そうした蛍光タンパクを持つ生物たちは、肉眼では見えない紫外線の光を受けることで、その蛍光発光を励起して可視化することができます。
こうしたダイビングのことを蛍光発光ダイビング、またはフロー(Fluo)ダイビング と呼びます。
夜の真っ暗な海底一面に蛍光発光するサンゴたちの光景は、まさに宇宙を遊泳しているかのような幻想体験です!!
この技術は医学にも応用されていまして、特定のタンパク質を発光追跡していろいろな研究がなされているそうです。
著者の中野もこの水中生物の蛍光発光の撮影を追求していまして、今まで何度も「おはよう日本」などのテレビ番組で取り上げてもらっています。
2014/1/11
NHKの【おはよう日本】で特集されました!
http://www.nhk.or.jp/ohayou/marugoto/2014/01/0111.html
2014/10/11
天草の海で私が水中撮影した番組が放送されました。
BSジャパン開局15周年特番『追え!光のメッセージ』
http://www.bs-j.co.jp/hikari/
Fluo(蛍光発光)Divingとは!!
ナイトダイビングをやったことある方の中にはご存じの方もいるかと思いますが、蛍光発光Fluorescentというものがあります。
左の残圧計には蓄光塗料を使ってあるわけですが、実は生物の中にも元々DNAに蛍光タンパクを所持しているものがいるそうで、発光するものたちがいるんです。
そうした生物たちの蛍光発光を見れるようにするのが、このFluo Divingというわけです。
私はそうした生物の蛍光発光を見るために特殊な水中ライトを使用しています。
上の写真のライト&モーション社のSOLA NIGHTSEAライトと、
KELDAN社のLUNA4 UVライトです。
これらのライトで照らしている状態で、そのままシロウミウシを撮影してみました。
このように、通常は青一色の世界となります。
次に、SOLA Night Seaで照らしている状態で、マスクやカメラの前に蛍光を励起するカメラフィルターをかざして観察します。
SOLA Night Seaで照らしながら、カメラにナイトシーカメラフィルターを装着して撮影。
シロウミウシのように、光らない生物は真っ暗になってしまい何も見えませんし写りません。

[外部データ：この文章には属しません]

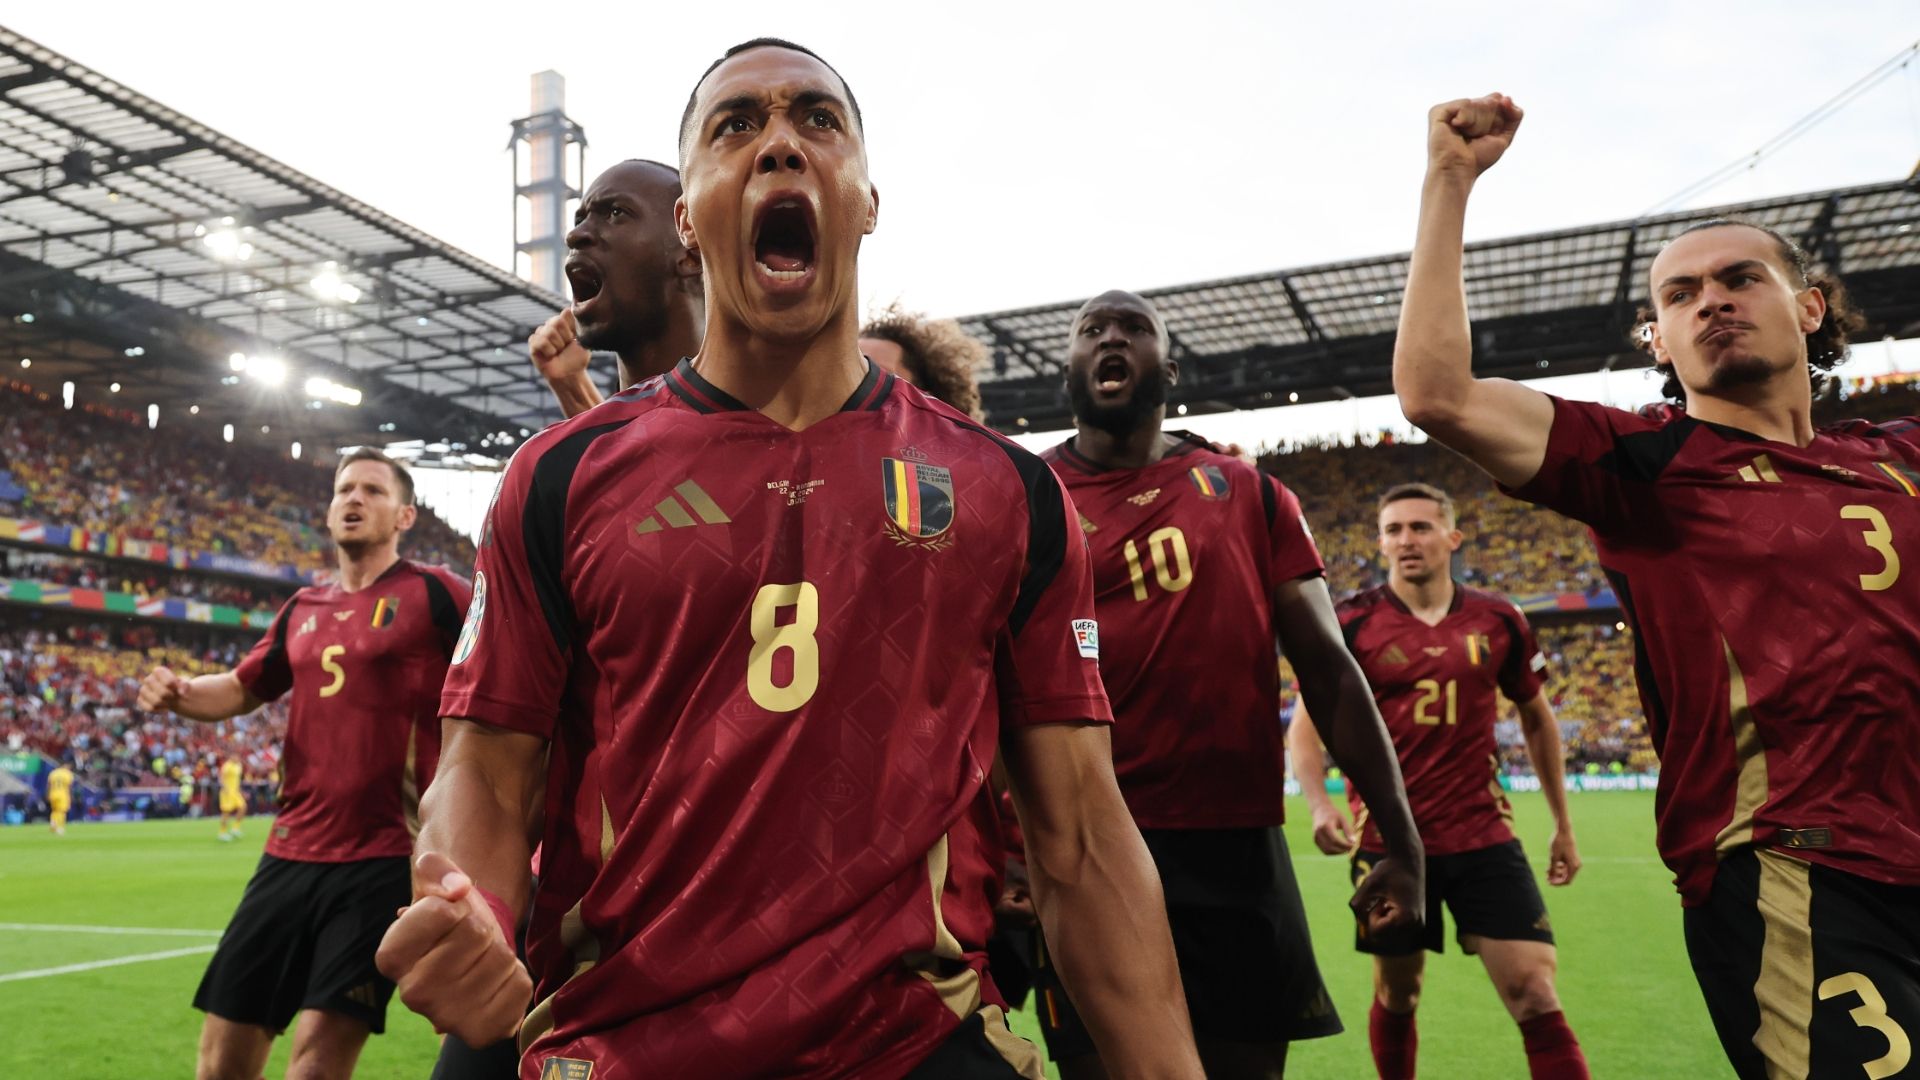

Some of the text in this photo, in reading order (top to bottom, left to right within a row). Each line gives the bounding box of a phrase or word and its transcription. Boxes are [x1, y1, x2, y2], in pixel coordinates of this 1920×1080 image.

[1124, 526, 1193, 602] 10
[1840, 505, 1900, 591] 3
[319, 645, 346, 697] 5
[747, 582, 819, 712] 8
[1414, 679, 1457, 725] 21
[1356, 859, 1373, 888] 2
[1818, 971, 1912, 1080] 3

SOLA Night Seaに標準付属の白色光フィルターをつけた状態でシロウミウシを撮影。
通常の水中ライトやストロボで撮影するのと同じです。
<蛍光発光する生物の探し方>
蛍光発光する生物は、ブラックライト(UVライト)やブルーライトを照射した場合、青一色の世界の中で、鮮やかなオレンジ色に光っているように見えます。
そのまま撮影するとどうしても青く写ってしまいますので、これにナイトシーカメラフィルターを使って撮影すると、青の光をカットすることができて、蛍光発光を際立たせて撮影することが可能になります。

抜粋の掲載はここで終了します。